Çok kıymetli okuyucularım öncelikle geçmiş mübarek Ramazan bayramınızı en içten dileklerim ile kutlarım. Bu günkü yazımı kayıt dışılıkla alakalı olarak kaleme aldım. Keyifle okumanızı dilerim. Kısa ama bir o kadarda anlamlı bir hikaye ile başlamak istedim.
“Bir gün bir Kral, dondurucu bir kış mevsiminde gecenin soğuğunda nöbet tutan muhafıza, ‘Üşümüyor musun?’ diye sorar. Muhafız, Ben alışığım Kral’ım,’ cevabını verir.

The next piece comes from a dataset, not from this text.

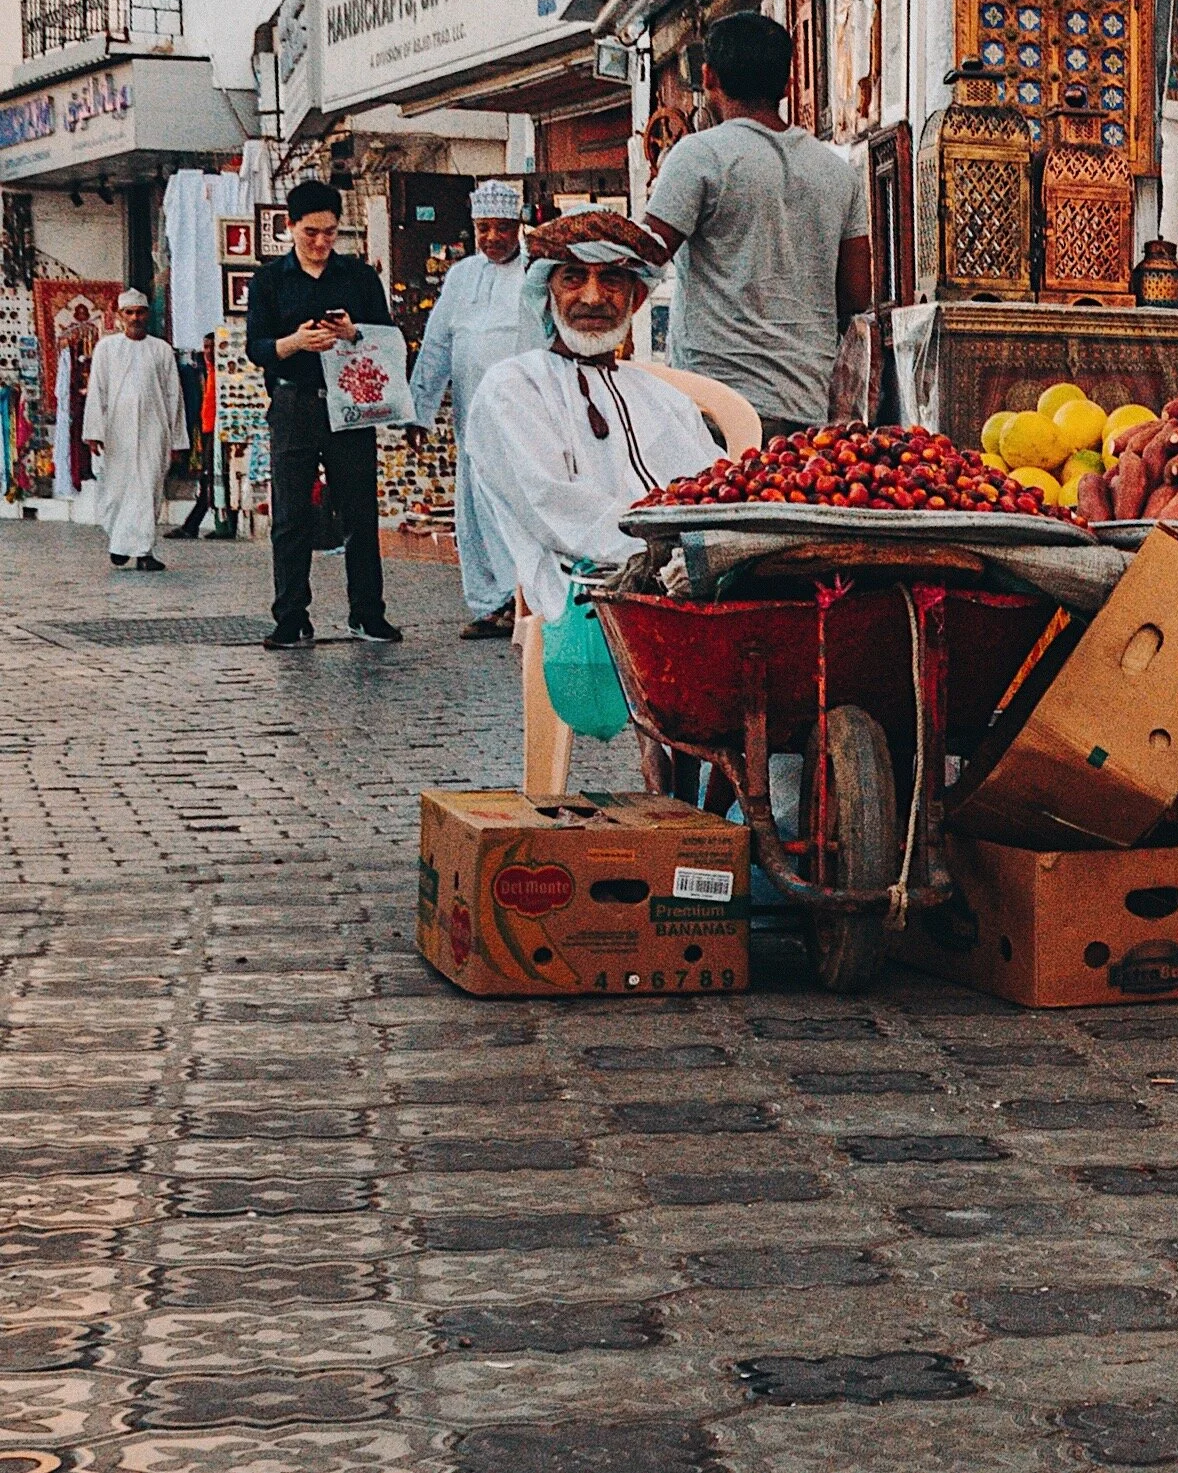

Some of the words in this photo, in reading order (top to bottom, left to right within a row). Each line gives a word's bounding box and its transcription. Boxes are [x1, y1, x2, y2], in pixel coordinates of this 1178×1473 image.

Kral, Olsun, sana sıcak elbise getirmelerini emredeceğim,’ der ve gider.
Ancak bir süre sonra içeri girdiğinde emri vermeyi unutur.

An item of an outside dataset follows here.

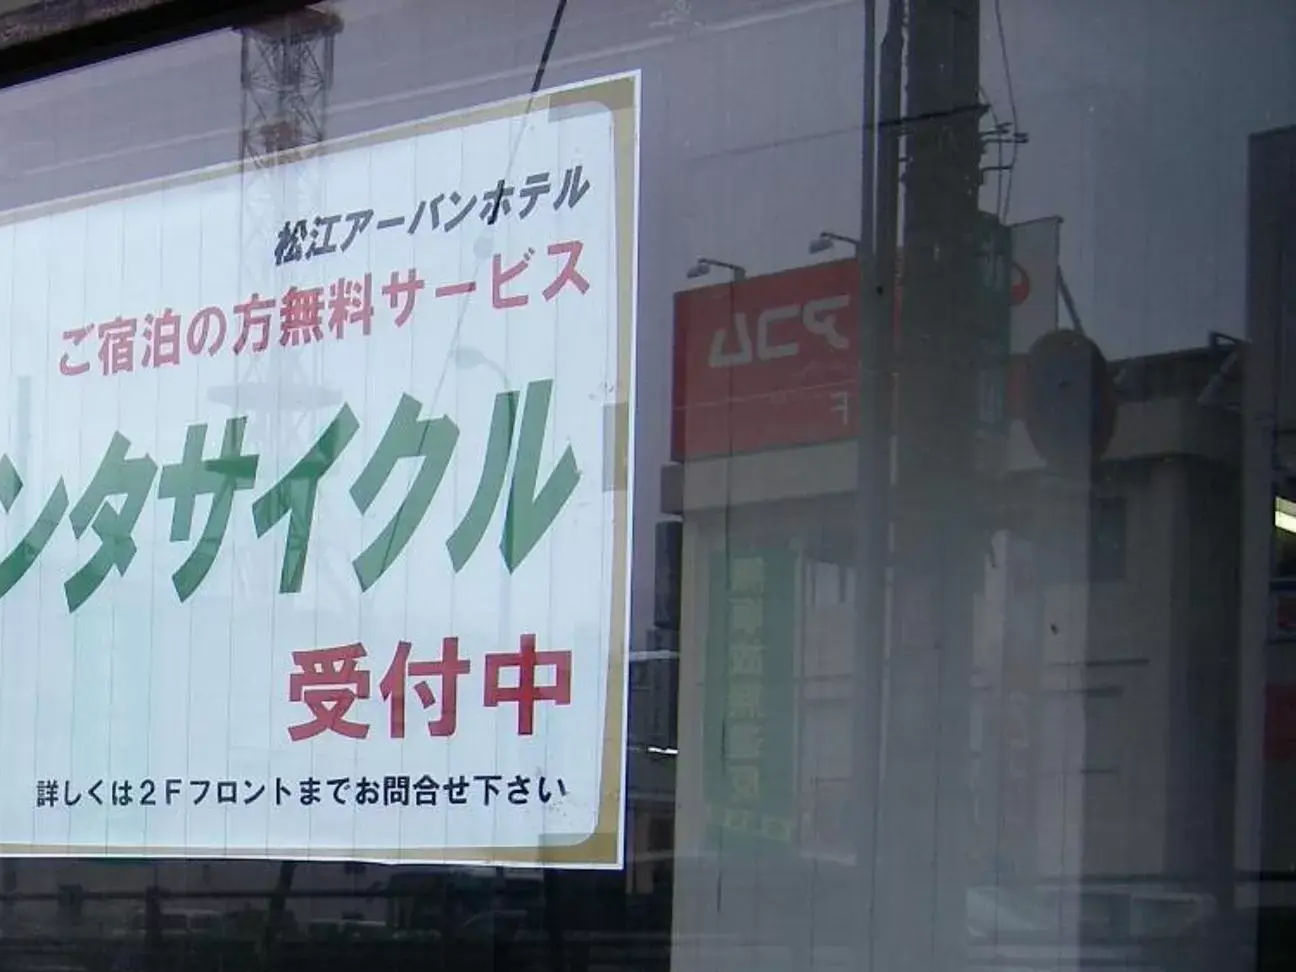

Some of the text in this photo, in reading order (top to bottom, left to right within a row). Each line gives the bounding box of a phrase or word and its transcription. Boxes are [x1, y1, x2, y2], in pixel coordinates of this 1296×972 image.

[274, 164, 591, 266] 松江アーバンホテル
[58, 241, 591, 377] ご宿泊の方無料サービス
[286, 633, 573, 742] 受付中
[34, 773, 568, 808] 詳しくは2Fフロントまでお問合せ下さい

Ertesi gün duvarın yanında muhafızın soğuktan donmuş cesedini görürler; duvara da bir şeyler karalanmıştır ve şöyle yazmaktadır:
"Kral’ım soğuğa alışkındım; fakat senin sıcak elbise vaadin beni öldürdü."
Sayın Maliye bakanım ve Gelir İdaresi yetkilileri biz her türlü sıkıntıya seve seve göğüs gererdik kat’a şikayet etmezdik ama hikayedeki gibi iktidara gelmek için her seferinde oy alma karşılığında ekonomimizde pembe bir tablo çizilmemiş olsaydı.
Hani belki de toplanan vergiler şeffaf olarak tablolar halinde ilgilenen kişilere sunulabilseydi.
Neyse yazımıza dönelim. Yorum yapmak çok tehlikeli.
Gelir idaresi başkanlarımız 81 ilde defterdarlıklar ve sivil toplum örgütlerini ziyaret ederek maliye Bakanımızın talimatları doğrultusunda 2025 bütçesindeki hedefleri tutturmak ve gerçekleştirmek için yapılacak çalışmalar hakkında bilgi veriyorlar.
Orta vadeli plandan söz etmek gerekirse; 2025 yılındaki bütçe gelirleri 12.6 trilyon lira hedeflenmektedir , buradan vergiye düşen kısım 9.7 trilyon lira. Vergi gelirlerinden hedefledikleri yeni bütçe (9.7 trilyon) geçen yılki vergi gelirlerinden 49.7 fazla artış öngörülmektedir.
Gelir İdaresi Başkanları ’da bu gelirlerin toplanmasını gerçekleştirmek için illerde defterdarlıkları ziyaret ederek onlarla görüş alış verişinde bulunuluyorlar.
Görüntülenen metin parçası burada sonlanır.